[Exercise input — start]
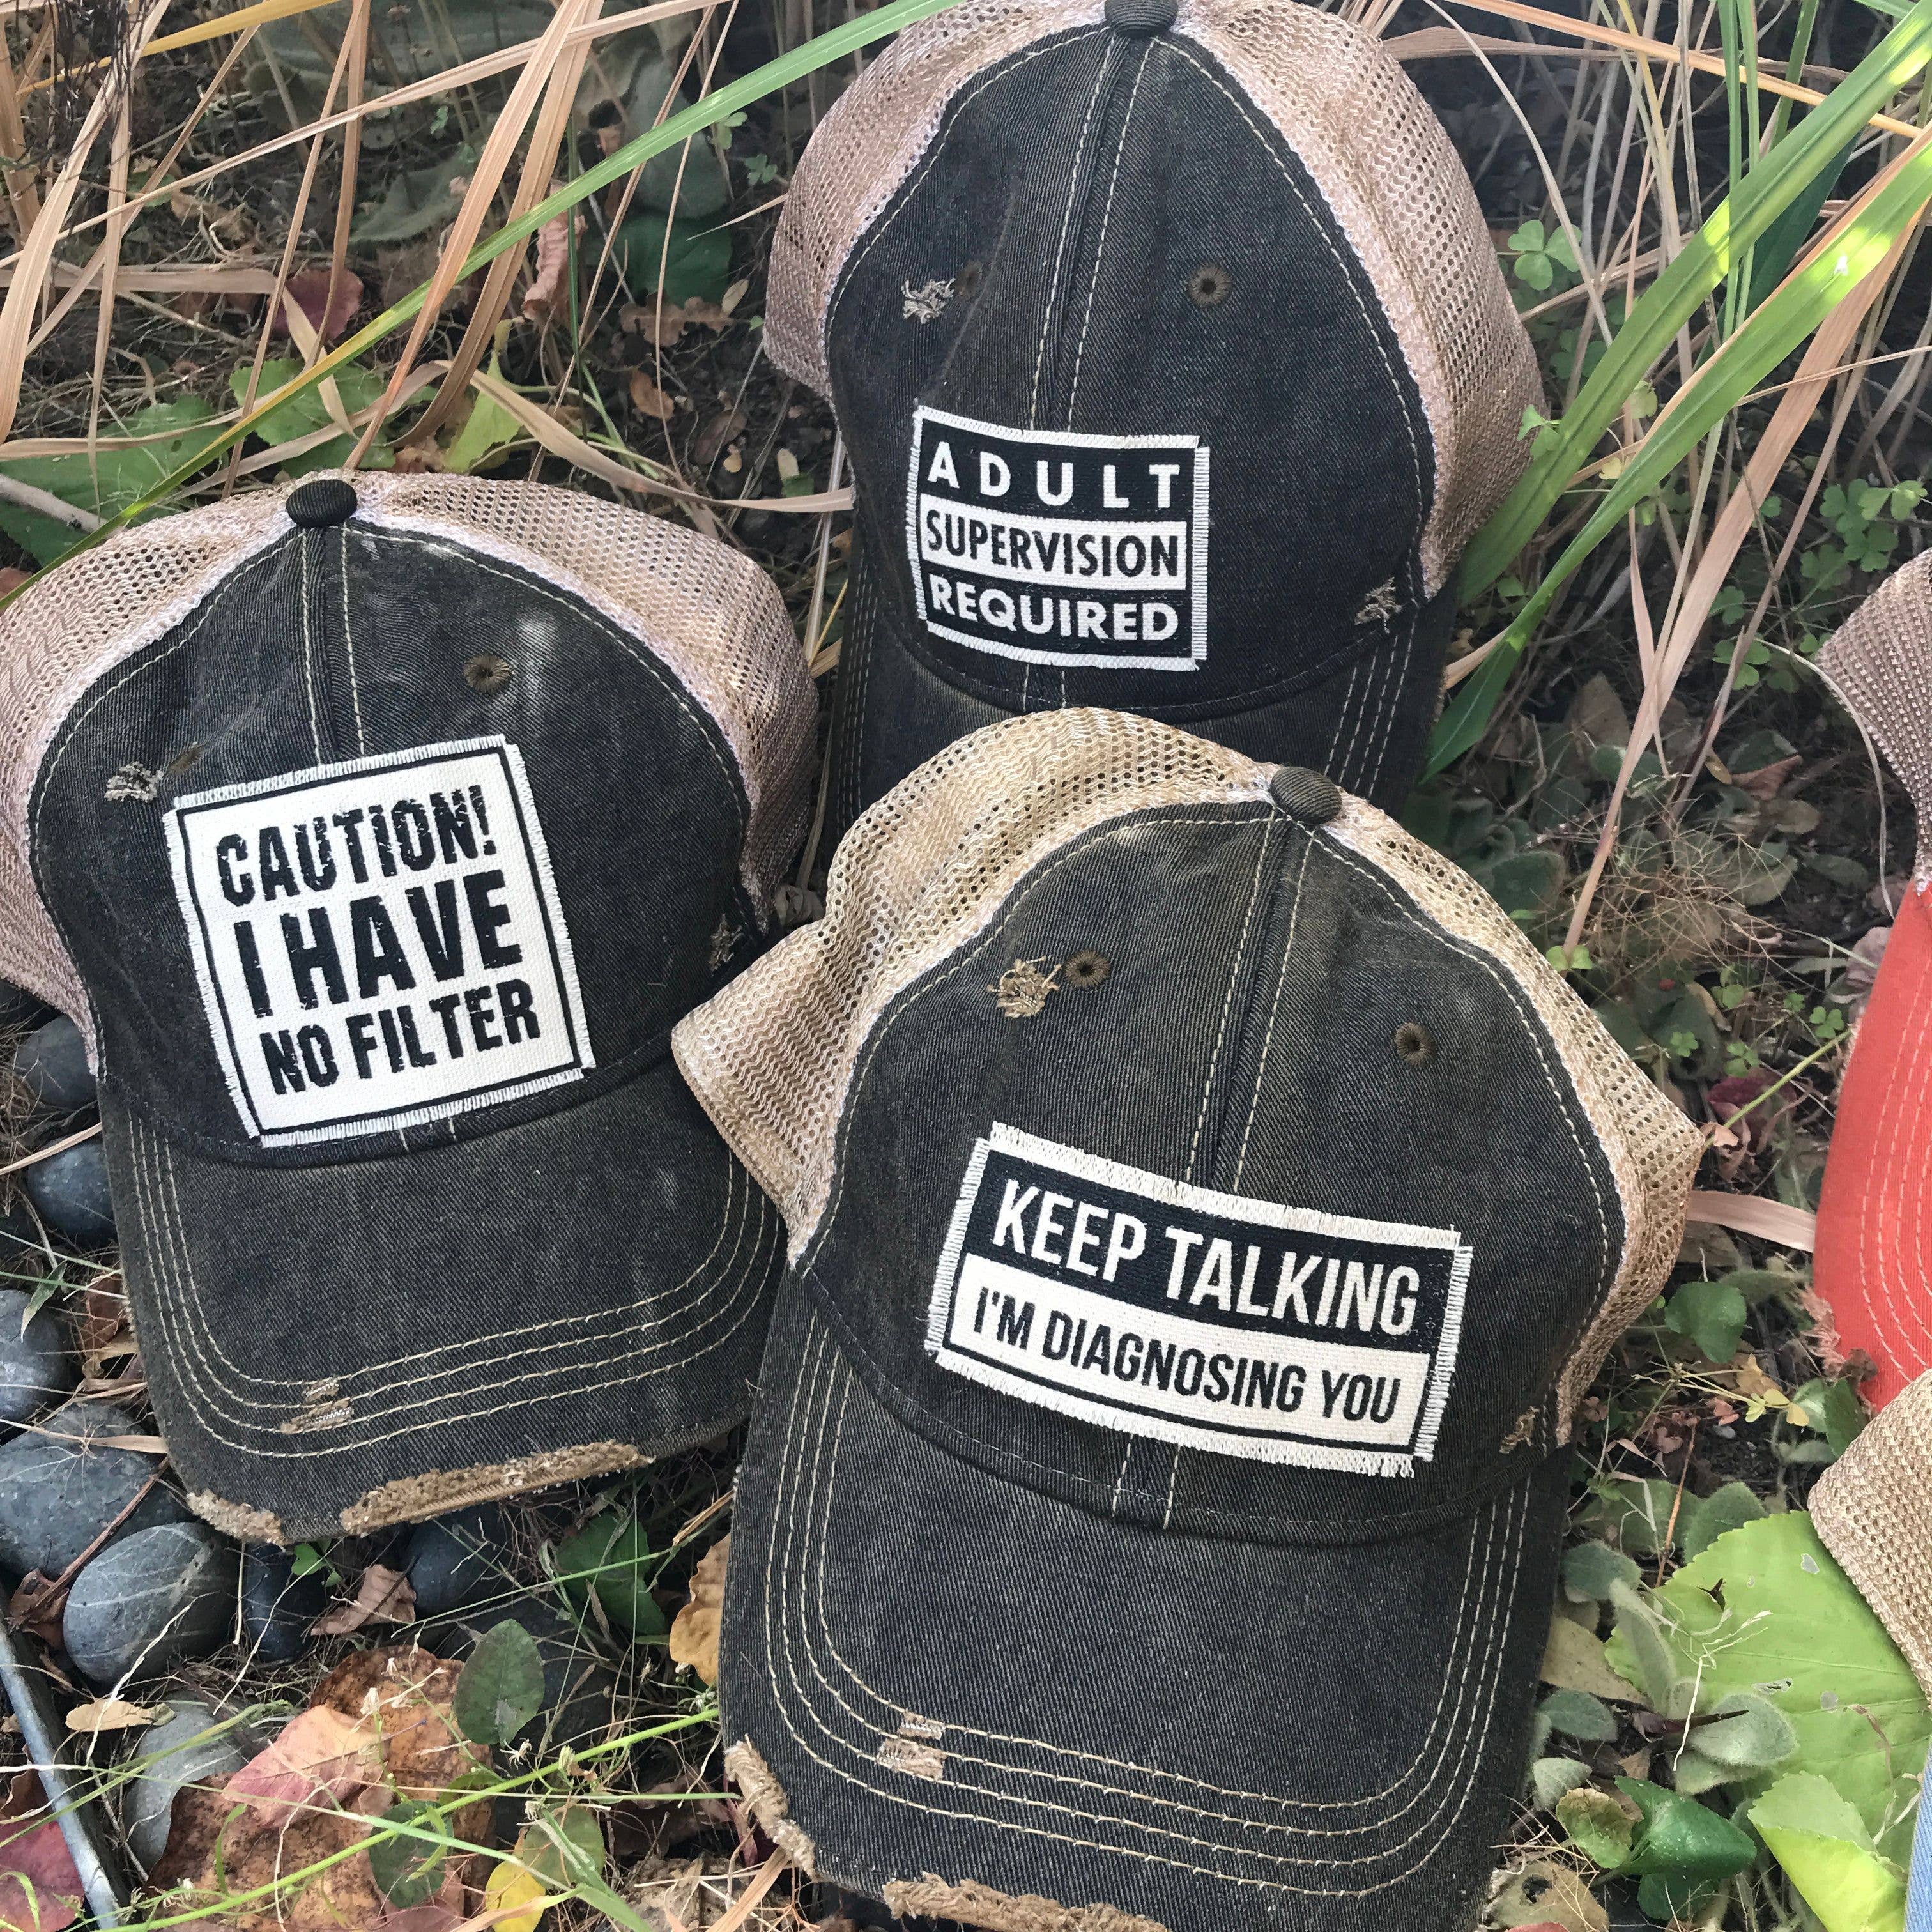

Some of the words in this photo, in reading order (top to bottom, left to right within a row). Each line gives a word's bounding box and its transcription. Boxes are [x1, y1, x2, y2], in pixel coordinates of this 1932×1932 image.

[927, 441, 1180, 508] ADULT
[926, 510, 1177, 577] SUPERVISION
[930, 574, 1178, 640] REQUIRED
[216, 785, 496, 907] CAUTION!
[234, 921, 273, 1018] I
[280, 870, 523, 1011] HAVE
[261, 1023, 339, 1094] NO
[346, 979, 540, 1079] FILTER
[992, 1179, 1146, 1280] KEEP
[1165, 1225, 1420, 1336] TALKING
[974, 1286, 1035, 1350] I'M
[1042, 1310, 1306, 1413] DIAGNOSING
[1321, 1369, 1400, 1423] YOU
[Exercise input — finish]
**What you should do**
Leave the pictures out and output the rest of the data word for word.

**Response to the exercise**
Some of the words in this photo, in reading order (top to bottom, left to right within a row). Each line gives a word's bounding box and its transcription. Boxes are [x1, y1, x2, y2], in pixel coordinates of this 1932×1932 image.

[927, 441, 1180, 508] ADULT
[926, 510, 1177, 577] SUPERVISION
[930, 574, 1178, 640] REQUIRED
[216, 785, 496, 907] CAUTION!
[234, 921, 273, 1018] I
[280, 870, 523, 1011] HAVE
[261, 1023, 339, 1094] NO
[346, 979, 540, 1079] FILTER
[992, 1179, 1146, 1280] KEEP
[1165, 1225, 1420, 1336] TALKING
[974, 1286, 1035, 1350] I'M
[1042, 1310, 1306, 1413] DIAGNOSING
[1321, 1369, 1400, 1423] YOU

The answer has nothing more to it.